● **Assignment**
From the line containing "Some of the words" through the last line of the records, print every line exactly and nothing more.

[Study material — start]

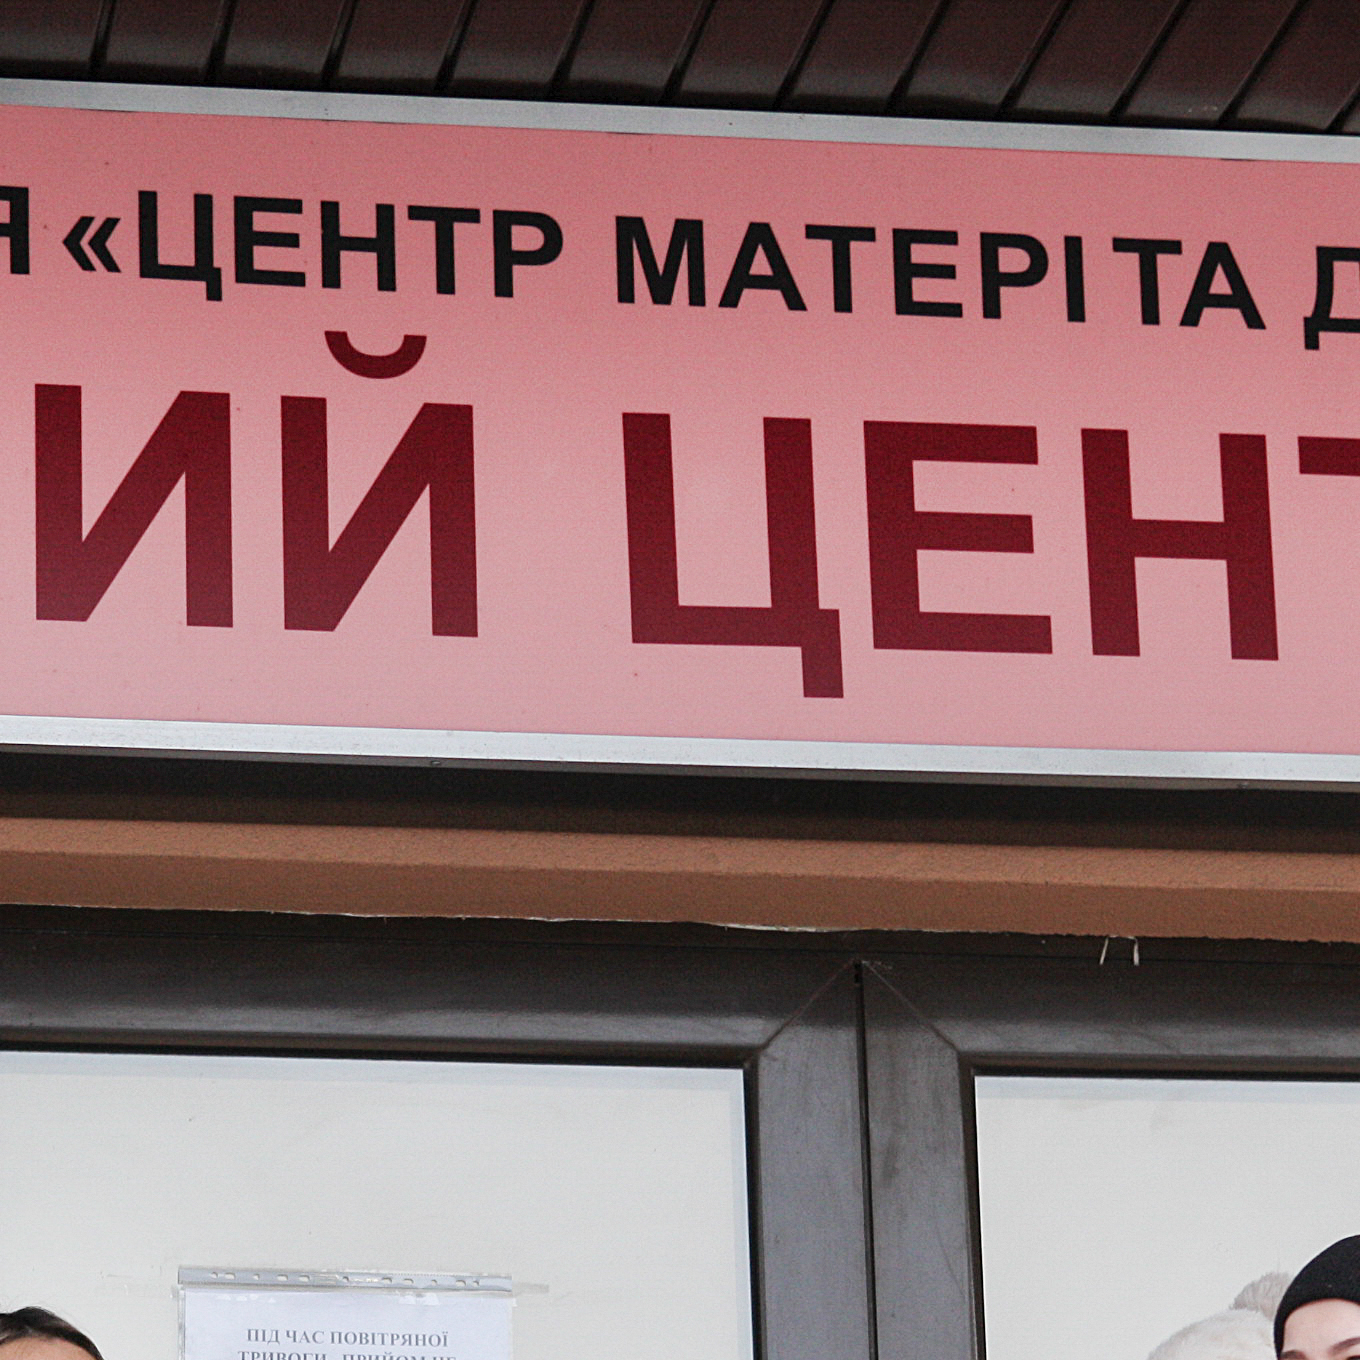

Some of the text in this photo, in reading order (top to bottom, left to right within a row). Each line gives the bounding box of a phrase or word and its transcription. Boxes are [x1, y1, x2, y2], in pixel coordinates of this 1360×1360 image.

[61, 189, 565, 302] «ЦЕНТР
[614, 214, 1087, 324] МАТЕРІ
[1111, 236, 1267, 331] ТА
[247, 1328, 449, 1348] ПІД ЧАС ПОВІТРЯНОЇ
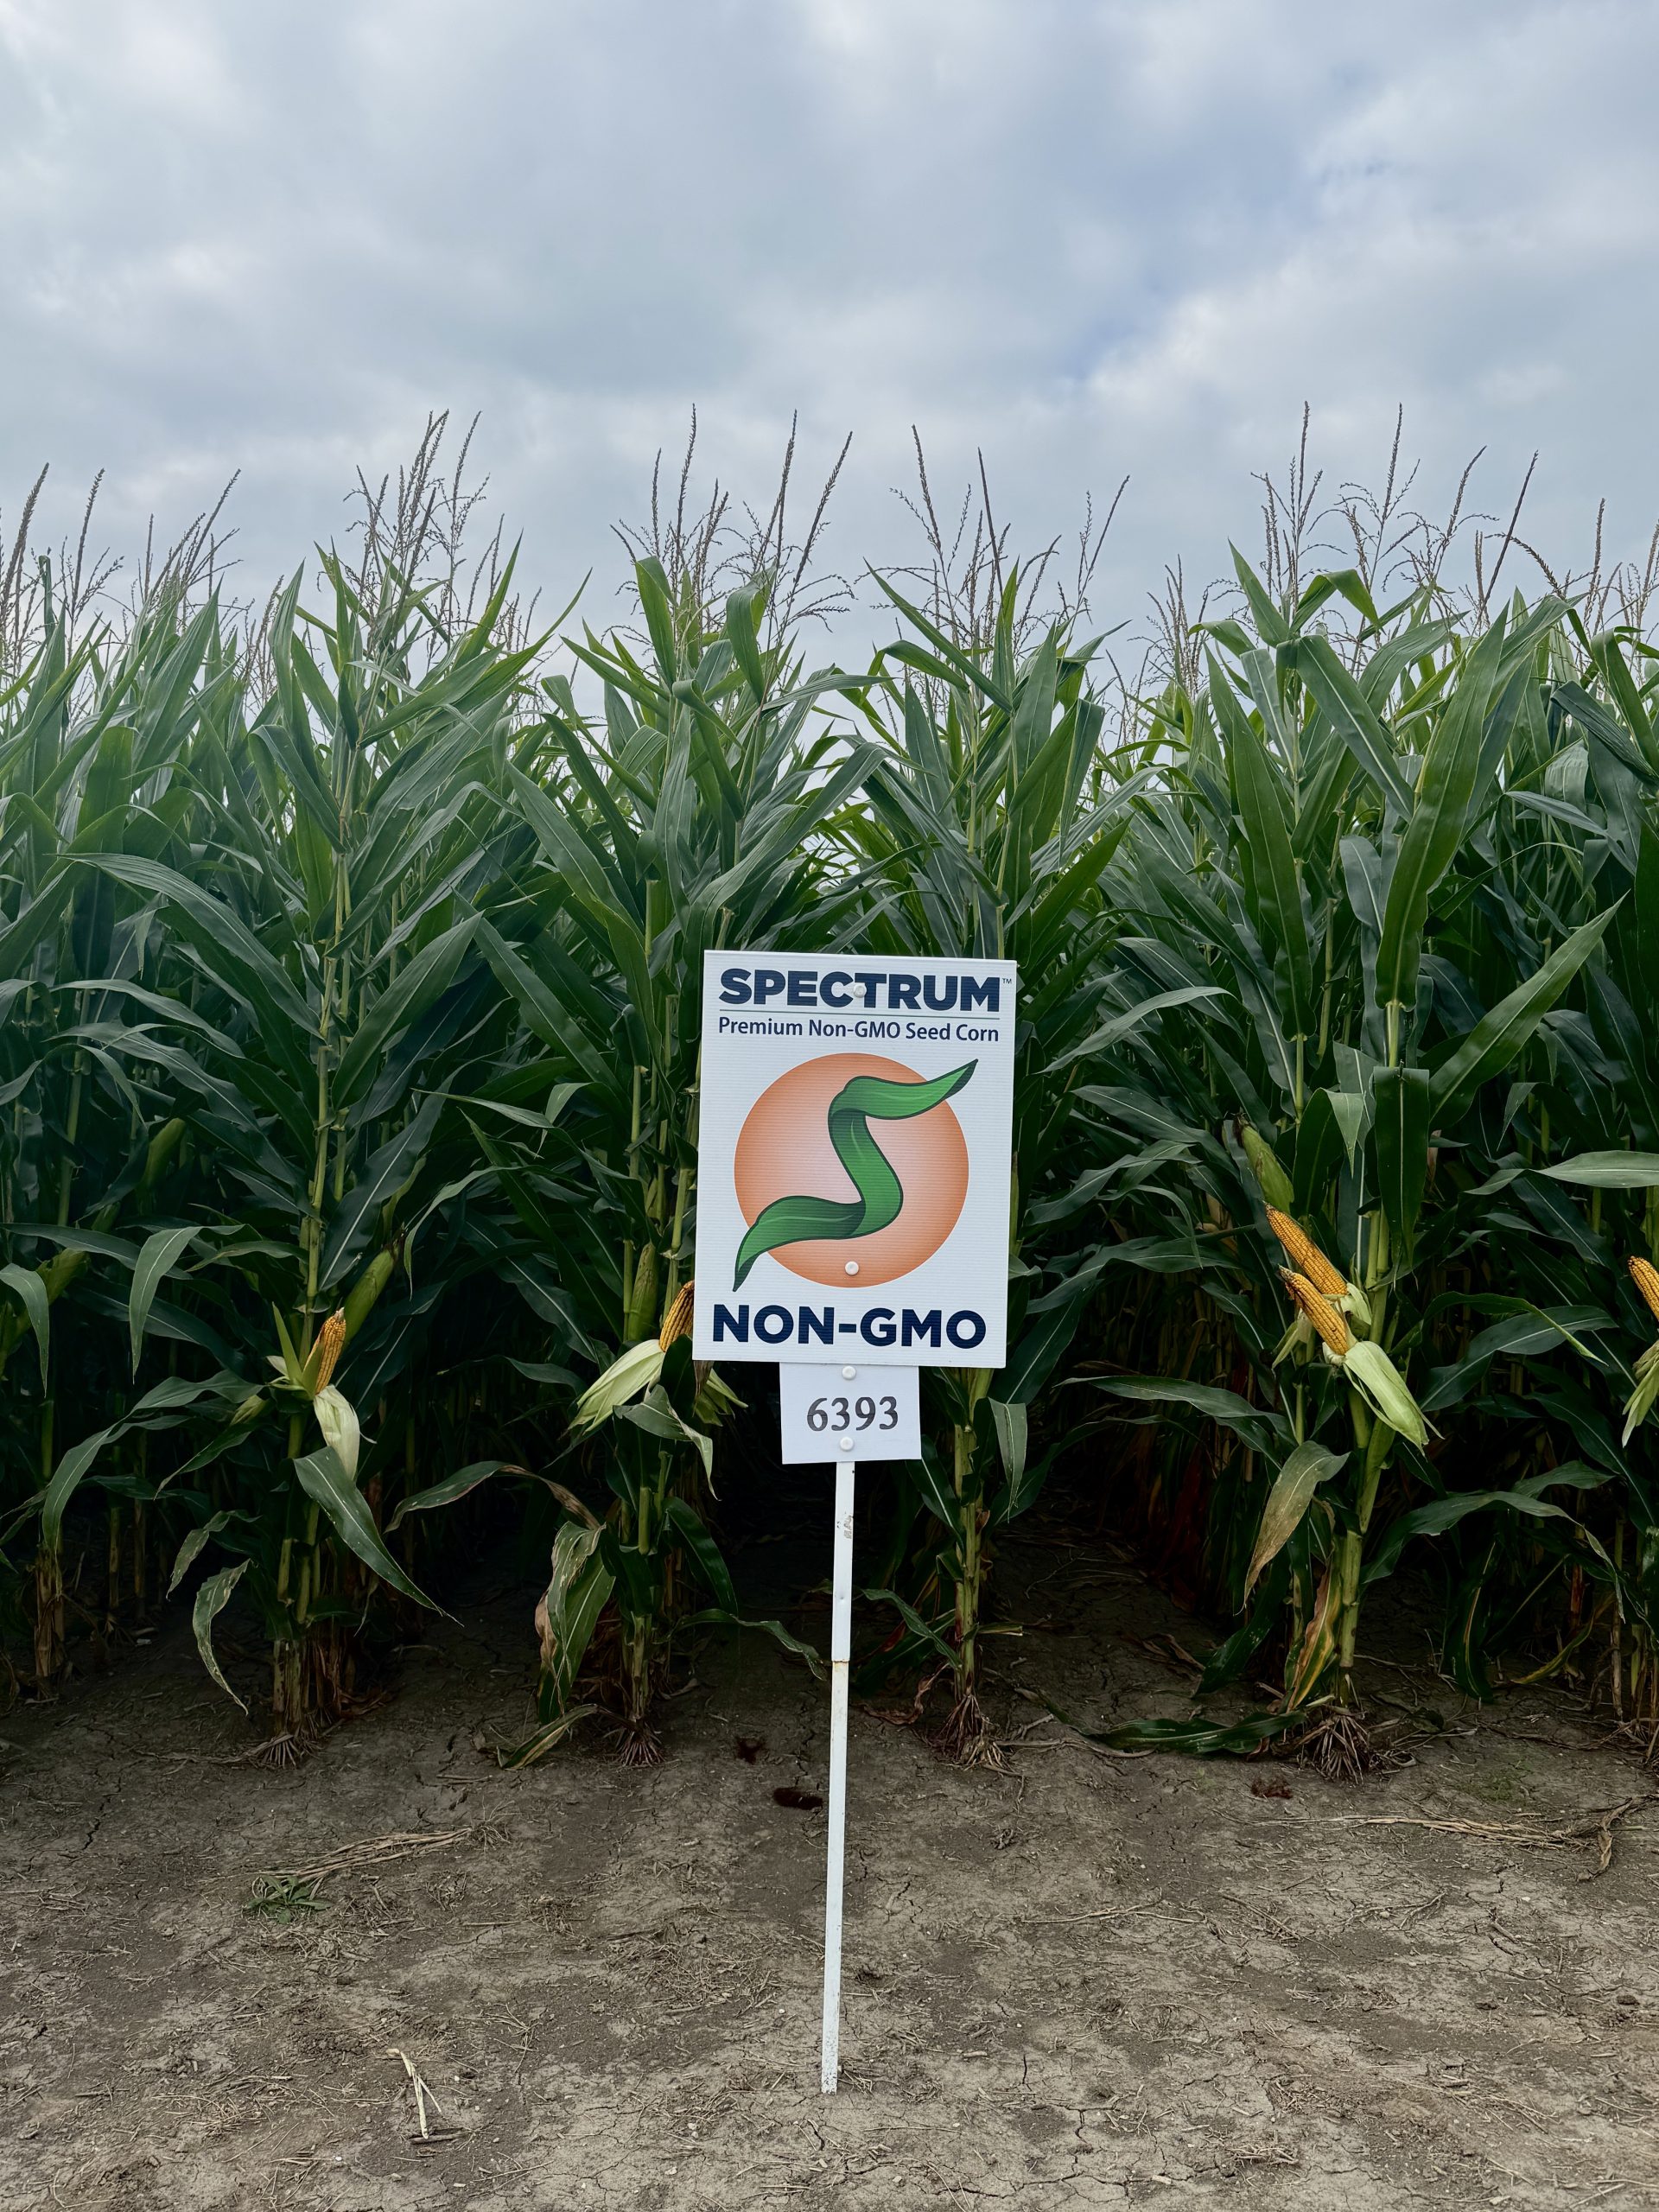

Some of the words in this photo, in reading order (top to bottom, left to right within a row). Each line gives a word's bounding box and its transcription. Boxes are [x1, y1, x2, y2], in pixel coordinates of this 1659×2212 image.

[718, 968, 1000, 1012] SPECTRUM
[718, 1016, 803, 1037] Premium
[809, 1019, 900, 1039] Non-GMO
[906, 1022, 950, 1040] Seed
[956, 1024, 999, 1042] Corn
[712, 1303, 986, 1349] NON-GMO
[806, 1395, 899, 1432] 6393

[Study material — finish]

● **Output of the task**
Some of the words in this photo, in reading order (top to bottom, left to right within a row). Each line gives a word's bounding box and its transcription. Boxes are [x1, y1, x2, y2], in pixel coordinates of this 1659×2212 image.

[718, 968, 1000, 1012] SPECTRUM
[718, 1016, 803, 1037] Premium
[809, 1019, 900, 1039] Non-GMO
[906, 1022, 950, 1040] Seed
[956, 1024, 999, 1042] Corn
[712, 1303, 986, 1349] NON-GMO
[806, 1395, 899, 1432] 6393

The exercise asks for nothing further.